もう近くのスタンドは閉まっているし、開店まで寝て待っていたら風邪をひいてしまう。
高速のインターがある沼津までは50km。
もう150km走っているので、残り50kmほどしか走れない。かなりギリギリである。
そこで、緊急用にボトルに詰めて持ってきていた1.5Lのガソリンを給油する。
これで何とか街までは持つはずだ。
午前3時半、釣場をあとにして沼津へ向かう。
ところが、近道の戸田峠を通っているときに道に迷ってしまった。
地図を見ようとしたが、以前のツーリングで濡れてしまい、ページが張り付いて開かない。
破らないようにそっとはがしたが、ちょうど重要な部分が破れて読みとれなくなり、現在位置が判らなくなってしまった。
仕方なく標識を頼りに走るが、なかなか沼津方面が出てこない。
どうも修善寺方面に来てしまったようである。
予備ガソリンを入れたとはいえ、かなりマズイ状況だ。
エンジンを回すとガソリンを浪費するので、60km/hで流す。
しかし、山道は急坂が多く、どうしても回転数を上げないと登らない。
真っ暗な寒い山道を彷徨い、いざとなったら野宿だと思い始めたころ、狩野川放水路らしき川に突き当たった。

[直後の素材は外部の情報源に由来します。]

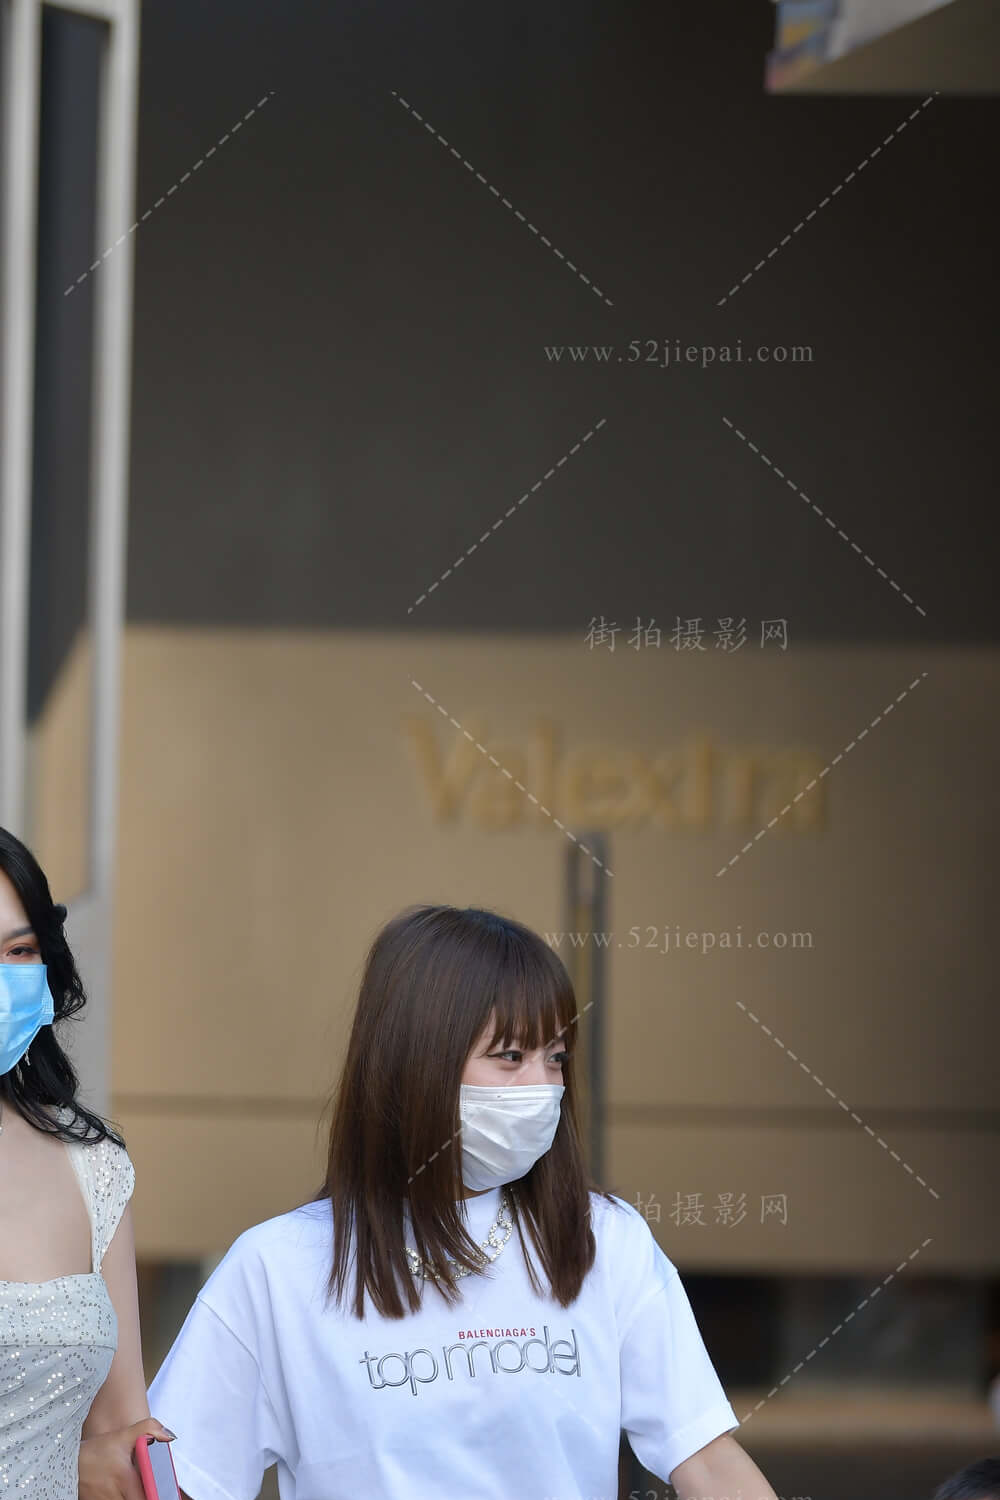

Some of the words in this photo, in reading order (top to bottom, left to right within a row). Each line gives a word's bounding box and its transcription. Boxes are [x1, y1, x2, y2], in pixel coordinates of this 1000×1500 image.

[458, 1327, 536, 1340] BALENCIAGA'S
[359, 1348, 439, 1396] top
[442, 1325, 581, 1380] model

川の流れを確認し、下流に向かう。海まで出れば知っている道に合流するはずだ。
やっとの事で国道414号に出て、沼津までの道程が鮮明になった。
高速のインター近くに行けば、開いているガソリンスタンドもあるだろう。
街に出ると、いたるところのGSが開いていた。給油を済ませ、高速に乗る。
時刻は朝5時。かなり寒くて手がかじかんでくる。
早くも1つ目のSAで暖をとることにした。
寒さ対策で、レインウエアを重ね着する。
吐く息が白い。もうそんな季節になったのか。
薄明るくなった山際が、みるみるうちに明るんでくる。
やっとあの暖かい太陽に会える。
気を取り直して出発だ。スピードを出すと寒いしガソリンがもったいないので、80~90km/hで淡々と走る。
午前7時、無事に帰宅。
寒さと眠さと疲労で何もする気が起きず、とりあえずクーラーボックスに氷を追加して眠ることに。
ウツボやクロアナゴをさばくのは一仕事である。疲れ切った体では無理だ。
昼過ぎに起きて、魚をさばいた。
まだ保冷剤は凍っていて、魚は死後硬直状態。
ウツボの皮がハンドバックが作れるくらいに丈夫で、ナイフを研ぎながらさばいた。
少し小さめのウツボだったのであまり多くの身はとれなかったが、脂が乗って美味そうである。
クロアナゴは肉質も良く臭みも無かったので、これまた美味そうだ。
また宴会を開くのが楽しみである。